Mincor’s (ASX:MCR) March quarter report this week neatly fleshed out Schodde’s “extreme” nickel rating.
Saying that the nickel price and industry dynamics were “very positive” in the quarter, Mincor noted that LME stockpiles fell to 182,574t by the end of the period, the lowest in five years.
The stockpiles have fallen further since to 176,946t.
“To put this in perspective, the LME stockpile now represents just one month of global supply – reinforcing that demand has been outstripping supply for several years,’’ Mincor noted.
Mincor’s share price is benefitting from all that. Last mentioned here on March 22 when it was 42c, Mincor has since moved higher to 49c as the market warms to plans by new MD David Southam to resume production at Kambalda.
To that end, and as previously reported, Southam has secured an offtake agreement with BHP on “substantially” better terms than the previous arrangement.
Another kicker came during the week with news that the resource base at the Cassini discovery had been increased by 9,800 tonnes or 52% to 28,500 tonnes at an impressive grade 3.7% nickel, carrying Mincor’s total Kambalda resource base to 128,600t of nickel.
Cassini, along with the two existing mines (Ken/McMahon and Durkin North), underpin Mincor’s restart plans, with the Cassini upgrade answering a lot of questions about the ability of the Kambalda field to keep on giving to ensure a long-life.
There are many reasons to think the market is being overly mean in valuing Alchemy Resources (ASX:ALY) at 1.6c for a market cap of about $7m.
Its suite of NSW nickel-cobalt (with resources) and gold/base metals interests are enough in themselves to justify the argument.
Then there is its big tenure position at its Karonie project in WA along strike from some big known gold deposits, and its royalty payments to come in the fourth quarter from the Hermes gold mine, and the joint venture with the TSX-listed Superior Gold (TSX:V:SGI).
Today’s interest though is its involvement in Sandfire’s (ASX:SFR) hunt for another DeGrussa/Monty orebody in WA’s Bryah Basin.
The program has just kicked off and got a special mention by Sandfire on its analysts call for the March quarterly.
Sandfire’s exploration guy said the Alchemy ground which Sandfire is farming into was a new area for the company.

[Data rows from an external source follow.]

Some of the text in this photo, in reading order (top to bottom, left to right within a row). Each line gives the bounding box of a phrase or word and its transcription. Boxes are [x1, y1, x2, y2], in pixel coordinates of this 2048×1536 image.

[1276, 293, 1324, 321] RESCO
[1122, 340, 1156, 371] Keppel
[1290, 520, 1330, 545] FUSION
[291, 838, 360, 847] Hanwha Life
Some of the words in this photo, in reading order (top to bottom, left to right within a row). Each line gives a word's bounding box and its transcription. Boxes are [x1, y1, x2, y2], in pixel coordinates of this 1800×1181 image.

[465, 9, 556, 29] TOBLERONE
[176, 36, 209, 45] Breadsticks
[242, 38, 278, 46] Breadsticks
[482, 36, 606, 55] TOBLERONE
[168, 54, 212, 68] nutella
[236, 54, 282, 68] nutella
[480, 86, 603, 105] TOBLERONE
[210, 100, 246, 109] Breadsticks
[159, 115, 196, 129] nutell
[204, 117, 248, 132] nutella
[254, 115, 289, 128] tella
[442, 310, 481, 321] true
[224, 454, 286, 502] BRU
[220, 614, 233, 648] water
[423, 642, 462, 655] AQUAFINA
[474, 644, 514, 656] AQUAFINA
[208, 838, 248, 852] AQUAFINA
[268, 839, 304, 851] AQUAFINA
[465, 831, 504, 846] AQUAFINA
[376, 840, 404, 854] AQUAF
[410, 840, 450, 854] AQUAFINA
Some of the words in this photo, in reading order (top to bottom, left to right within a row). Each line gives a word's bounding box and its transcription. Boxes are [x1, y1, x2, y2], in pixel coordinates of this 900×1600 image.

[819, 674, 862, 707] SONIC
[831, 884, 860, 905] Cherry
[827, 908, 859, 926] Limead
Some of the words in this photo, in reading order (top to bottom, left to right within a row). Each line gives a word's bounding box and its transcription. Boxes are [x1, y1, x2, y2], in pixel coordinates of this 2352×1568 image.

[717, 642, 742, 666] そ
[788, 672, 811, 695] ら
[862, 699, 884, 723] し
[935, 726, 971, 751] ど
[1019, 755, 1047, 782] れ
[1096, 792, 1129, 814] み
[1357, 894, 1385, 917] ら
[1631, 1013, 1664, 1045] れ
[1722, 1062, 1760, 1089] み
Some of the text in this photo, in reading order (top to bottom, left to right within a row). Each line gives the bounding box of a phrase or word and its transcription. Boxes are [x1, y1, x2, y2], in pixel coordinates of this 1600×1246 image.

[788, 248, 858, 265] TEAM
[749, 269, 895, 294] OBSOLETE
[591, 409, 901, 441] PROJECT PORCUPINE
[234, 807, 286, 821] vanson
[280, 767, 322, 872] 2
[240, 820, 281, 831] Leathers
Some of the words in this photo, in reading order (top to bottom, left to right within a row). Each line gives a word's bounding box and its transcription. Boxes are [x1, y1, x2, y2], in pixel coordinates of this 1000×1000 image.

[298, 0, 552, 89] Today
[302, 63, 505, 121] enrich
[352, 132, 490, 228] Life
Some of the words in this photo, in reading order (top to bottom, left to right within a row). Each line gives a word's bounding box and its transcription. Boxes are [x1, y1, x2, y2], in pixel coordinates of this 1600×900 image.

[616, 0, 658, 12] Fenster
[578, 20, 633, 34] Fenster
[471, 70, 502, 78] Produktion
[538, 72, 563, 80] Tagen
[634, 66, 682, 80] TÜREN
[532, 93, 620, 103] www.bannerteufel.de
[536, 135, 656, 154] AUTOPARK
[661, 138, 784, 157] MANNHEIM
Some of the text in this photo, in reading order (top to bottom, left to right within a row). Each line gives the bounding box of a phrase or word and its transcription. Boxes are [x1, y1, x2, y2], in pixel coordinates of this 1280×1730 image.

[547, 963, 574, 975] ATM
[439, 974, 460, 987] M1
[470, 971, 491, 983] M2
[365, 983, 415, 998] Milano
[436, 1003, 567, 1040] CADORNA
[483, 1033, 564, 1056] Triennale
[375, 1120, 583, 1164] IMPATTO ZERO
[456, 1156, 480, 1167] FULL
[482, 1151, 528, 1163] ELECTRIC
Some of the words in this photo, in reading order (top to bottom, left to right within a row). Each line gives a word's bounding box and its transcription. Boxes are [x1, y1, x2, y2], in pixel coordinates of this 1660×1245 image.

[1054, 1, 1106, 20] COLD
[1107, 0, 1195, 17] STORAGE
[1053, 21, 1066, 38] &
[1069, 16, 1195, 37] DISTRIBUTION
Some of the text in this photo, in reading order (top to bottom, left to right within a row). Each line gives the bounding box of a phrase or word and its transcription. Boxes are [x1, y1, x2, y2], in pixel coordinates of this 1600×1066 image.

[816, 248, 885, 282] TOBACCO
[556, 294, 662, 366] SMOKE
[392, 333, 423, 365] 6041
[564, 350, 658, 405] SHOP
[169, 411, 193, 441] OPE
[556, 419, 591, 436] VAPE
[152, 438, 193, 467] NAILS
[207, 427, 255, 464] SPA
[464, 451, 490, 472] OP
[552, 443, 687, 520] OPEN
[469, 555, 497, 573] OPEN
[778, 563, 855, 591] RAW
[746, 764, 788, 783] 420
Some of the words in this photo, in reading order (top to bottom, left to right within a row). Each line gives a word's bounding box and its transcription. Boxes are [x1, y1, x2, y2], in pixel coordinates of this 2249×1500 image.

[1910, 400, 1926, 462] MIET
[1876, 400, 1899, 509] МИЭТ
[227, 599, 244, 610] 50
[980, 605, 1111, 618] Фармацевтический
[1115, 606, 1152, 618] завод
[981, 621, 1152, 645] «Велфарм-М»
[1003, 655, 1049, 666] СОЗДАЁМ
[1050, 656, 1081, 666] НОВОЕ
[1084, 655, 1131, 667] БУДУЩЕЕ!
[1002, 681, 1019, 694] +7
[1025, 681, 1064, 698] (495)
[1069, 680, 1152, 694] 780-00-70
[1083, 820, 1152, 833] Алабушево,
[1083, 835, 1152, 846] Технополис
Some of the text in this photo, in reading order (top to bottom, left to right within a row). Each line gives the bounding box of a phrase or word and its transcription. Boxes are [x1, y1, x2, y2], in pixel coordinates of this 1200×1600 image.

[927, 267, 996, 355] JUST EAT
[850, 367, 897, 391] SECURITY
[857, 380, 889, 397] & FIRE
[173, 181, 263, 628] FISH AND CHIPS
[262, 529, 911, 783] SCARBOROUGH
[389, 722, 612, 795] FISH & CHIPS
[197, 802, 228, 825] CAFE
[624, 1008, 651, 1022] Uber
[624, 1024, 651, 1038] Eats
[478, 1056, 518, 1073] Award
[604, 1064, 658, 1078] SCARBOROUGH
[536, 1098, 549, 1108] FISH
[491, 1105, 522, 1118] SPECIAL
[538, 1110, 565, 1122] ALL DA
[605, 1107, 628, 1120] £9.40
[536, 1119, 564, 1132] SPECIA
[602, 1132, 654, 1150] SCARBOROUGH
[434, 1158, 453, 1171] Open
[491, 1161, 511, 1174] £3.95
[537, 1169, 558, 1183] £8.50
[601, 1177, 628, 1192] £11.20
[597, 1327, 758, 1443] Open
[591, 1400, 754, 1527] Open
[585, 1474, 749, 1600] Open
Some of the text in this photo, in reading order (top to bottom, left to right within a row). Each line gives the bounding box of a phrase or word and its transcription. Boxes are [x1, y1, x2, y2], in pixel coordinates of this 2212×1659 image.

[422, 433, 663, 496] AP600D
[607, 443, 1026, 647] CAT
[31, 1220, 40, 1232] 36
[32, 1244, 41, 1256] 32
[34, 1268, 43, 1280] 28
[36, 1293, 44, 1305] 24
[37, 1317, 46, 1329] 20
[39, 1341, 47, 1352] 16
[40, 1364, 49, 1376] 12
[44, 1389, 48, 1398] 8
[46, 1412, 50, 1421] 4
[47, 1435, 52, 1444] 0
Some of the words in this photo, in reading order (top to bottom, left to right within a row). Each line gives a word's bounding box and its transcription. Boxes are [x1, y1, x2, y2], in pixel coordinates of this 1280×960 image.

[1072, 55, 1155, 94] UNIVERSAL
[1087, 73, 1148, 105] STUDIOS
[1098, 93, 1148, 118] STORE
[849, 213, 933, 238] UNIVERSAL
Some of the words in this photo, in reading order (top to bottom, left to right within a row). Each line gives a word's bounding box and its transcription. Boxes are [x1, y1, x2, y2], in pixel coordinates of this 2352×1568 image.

He said it was poorly tested but that Sandfire believed it was “exceedingly prospective” for DeGrussa/Monty style orebodies.
He also commented that it was the first time he had a greenfields area to drill along strike from DeGrussa on the northern side of the Bryah.
Sandfire needs another discovery in the Bryah to extend the remaining four-year mine life of DeGrussa/Monty. Alchemy needs some trigger to bring a sharper market focus on to its value proposition.
Who knows, the drilling program (Sandfire is spending $3.1m by the end of the year to earn up to an 80%) just might meet the needs of both.
Alchemy MD Leigh Ryan summed up the state of play: “Sandfire has unequalled knowledge and information on De Grussa-style mineralisation and are fully incentivised to find another major copper-gold deposit in the district. This is a very exciting time for Alchemy and we’re looking forward to a steady flow of drilling results over the next few months.”
By the way, Northern Star (ASX:NST) is a 14% shareholder in Alchemy.